«Una tarde de otoño, recién llegada del colegio, fue a visitar a su abuela Carolina. La puerta no estaba cerrada y la casa parecía desierta; lo primero le pareció normal, porque en el pueblo nadie cerraba las puertas durante el día, pero lo segundo no. Buscó a su abuela en la cocina, el comedor y las habitaciones, hasta que la encontró en el corral, con su tía Felisa y su tía Abdulia. Las tres acababan de encender una hoguera y la veían arder. Las saludó, contempló un instante las llamas y les preguntó qué estaban quemando. No le contestó su abuela, sino su tía Felisa.
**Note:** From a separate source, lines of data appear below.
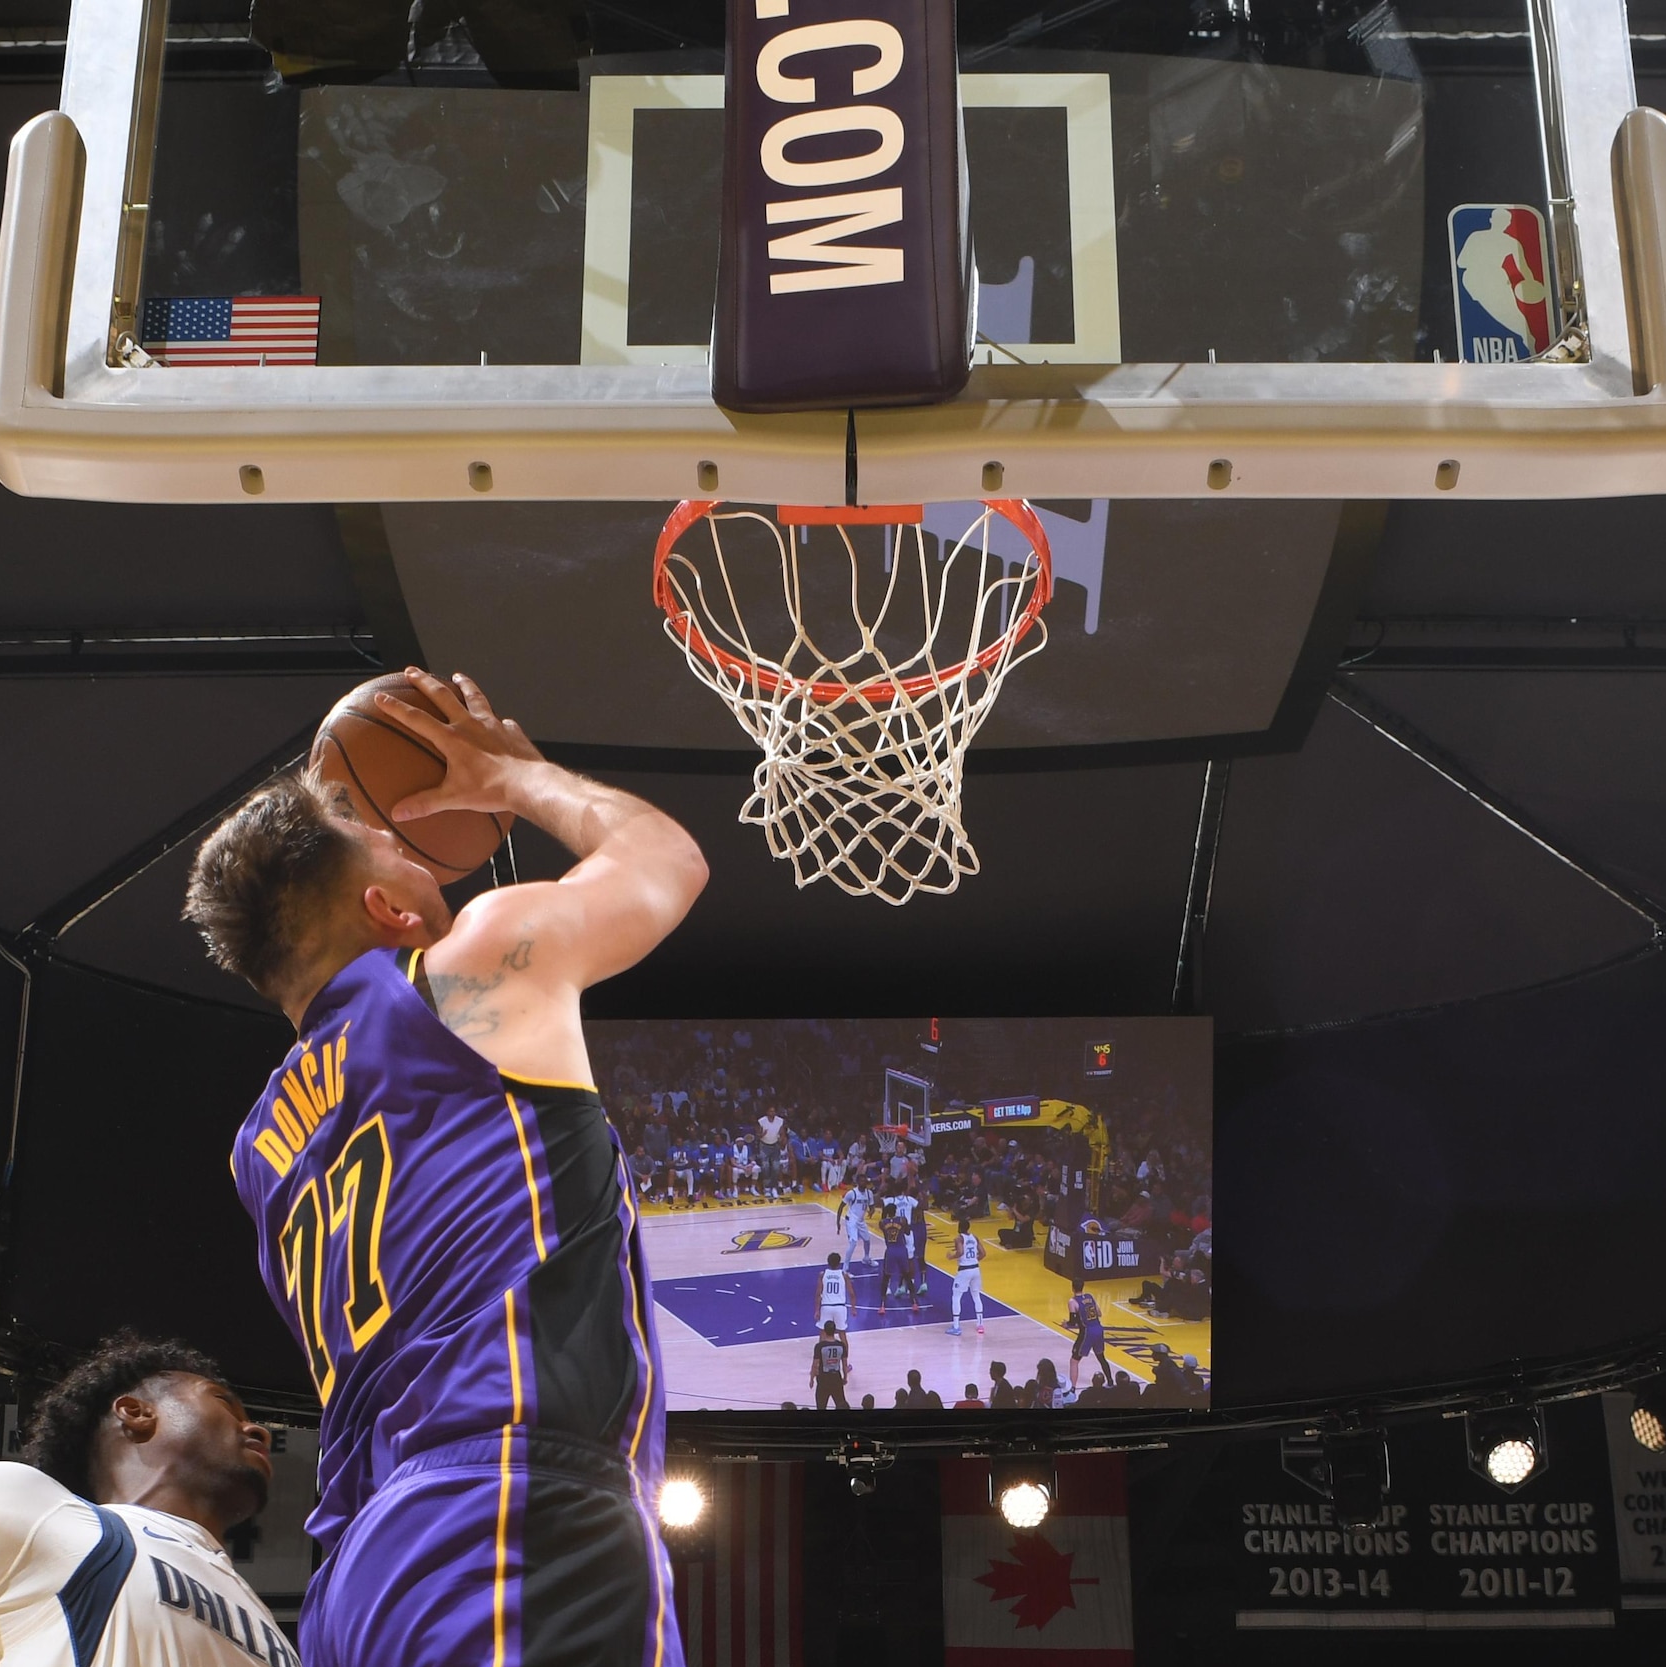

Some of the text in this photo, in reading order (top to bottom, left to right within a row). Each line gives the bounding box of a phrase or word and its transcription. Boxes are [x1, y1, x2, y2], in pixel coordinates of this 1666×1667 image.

[1473, 337, 1520, 363] NBA
[253, 1020, 352, 1179] DONČIĆ
[278, 1112, 393, 1409] 77
[1117, 1241, 1134, 1254] JOIN
[1242, 1503, 1335, 1527] STANLE
[1429, 1502, 1595, 1527] STANLEY CUP
[1243, 1529, 1412, 1557] CHAMPIONS
[1430, 1528, 1599, 1557] CHAMPIONS
[1268, 1566, 1393, 1598] 2013-14
[1459, 1566, 1578, 1598] 2011-12
– Son las cosas de tío Manolo -dijo.
Incrédula, Blanca Mena observó otra vez la pira: el fuego devoraba en efecto ropa, libros, libretas, cartas, papeles, fotografías, de todo. Volvió una mirada de horror hacia su abuela, que parecía hechizada por las llamas.
– Pero ¿qué habéis hecho? -preguntó.
No recordaba si fue su tía Obdulia o su tía Felisa quien la tomó de un hombro.
– Anda, hija -suspiró, fuera quien fuese, señalando la fogata-. ¿Y para qué queremos eso? ¿Para seguir sufriendo? Lo quemamos y se acabó.»